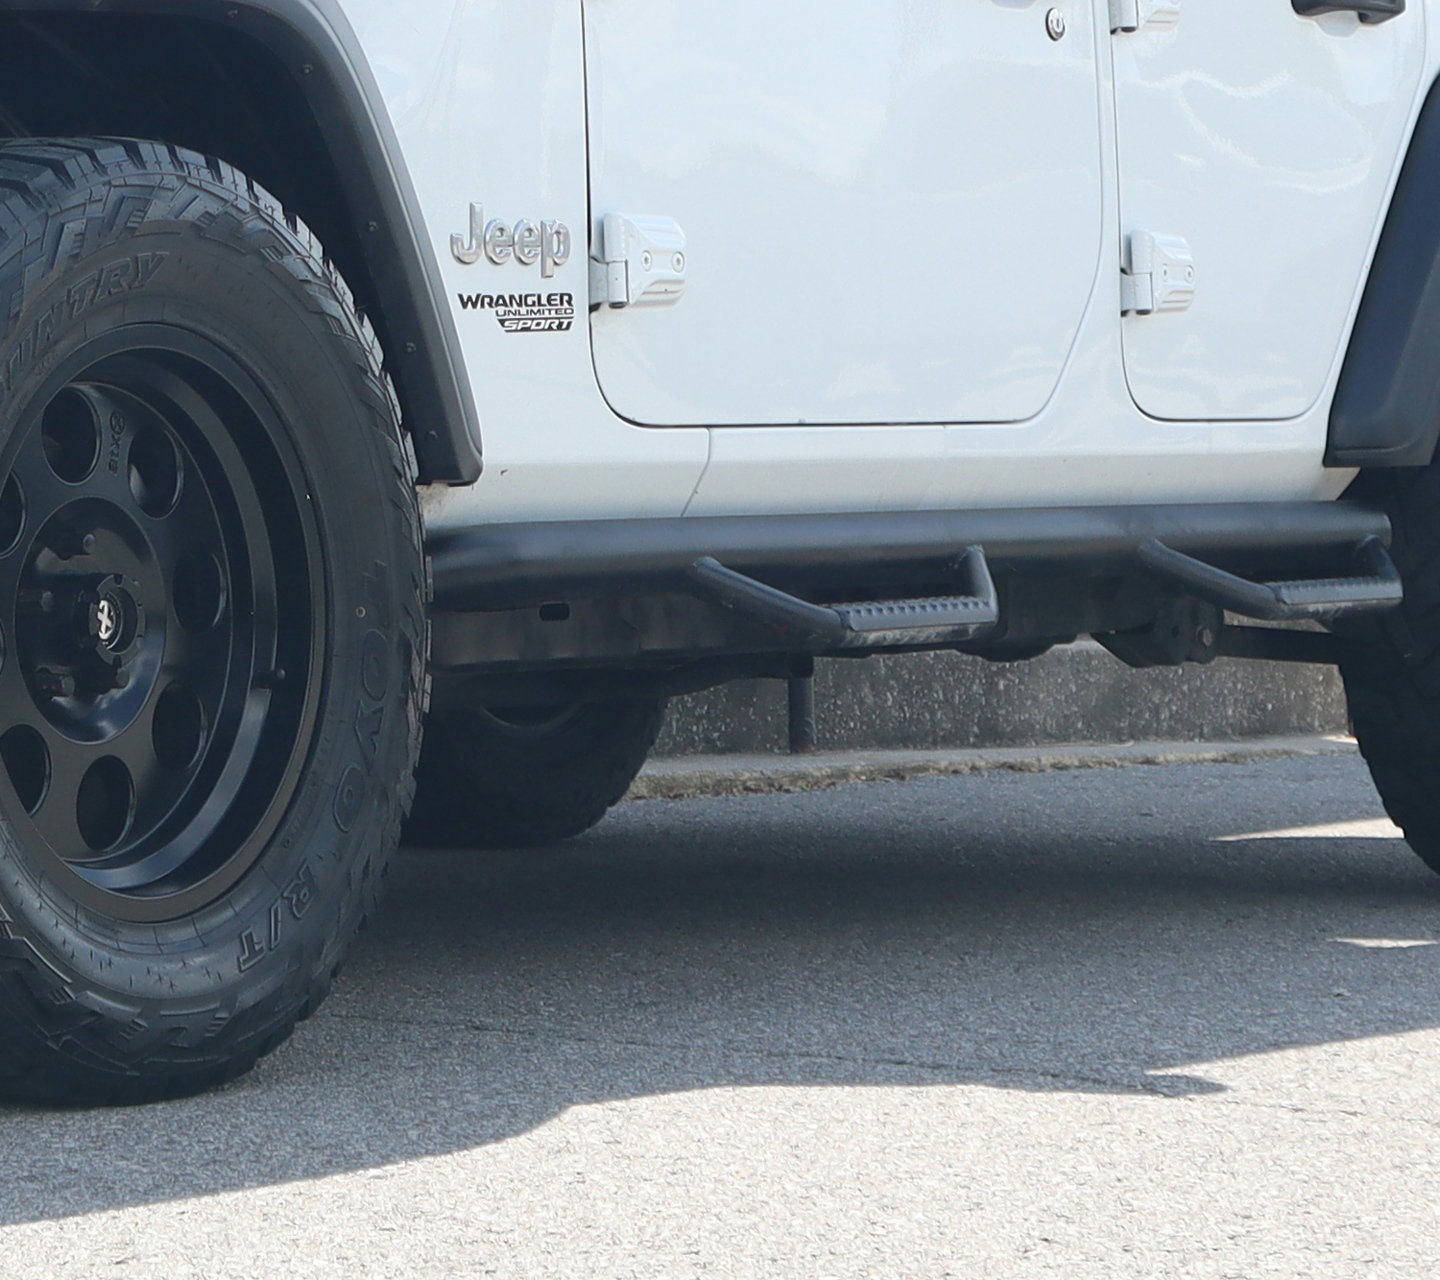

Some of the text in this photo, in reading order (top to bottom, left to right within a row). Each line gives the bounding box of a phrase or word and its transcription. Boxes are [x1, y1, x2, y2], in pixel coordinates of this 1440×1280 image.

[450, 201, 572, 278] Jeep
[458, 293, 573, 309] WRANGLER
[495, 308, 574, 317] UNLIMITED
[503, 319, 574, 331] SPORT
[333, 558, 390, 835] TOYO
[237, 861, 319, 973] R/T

★ ★ ★

→ ABOUT THIS TASK
Only the text of the entries above, transcribed exactly, should be given; leave out pictures.

→ RESULT BELOW
Some of the text in this photo, in reading order (top to bottom, left to right within a row). Each line gives the bounding box of a phrase or word and its transcription. Boxes are [x1, y1, x2, y2], in pixel coordinates of this 1440×1280 image.

[450, 201, 572, 278] Jeep
[458, 293, 573, 309] WRANGLER
[495, 308, 574, 317] UNLIMITED
[503, 319, 574, 331] SPORT
[333, 558, 390, 835] TOYO
[237, 861, 319, 973] R/T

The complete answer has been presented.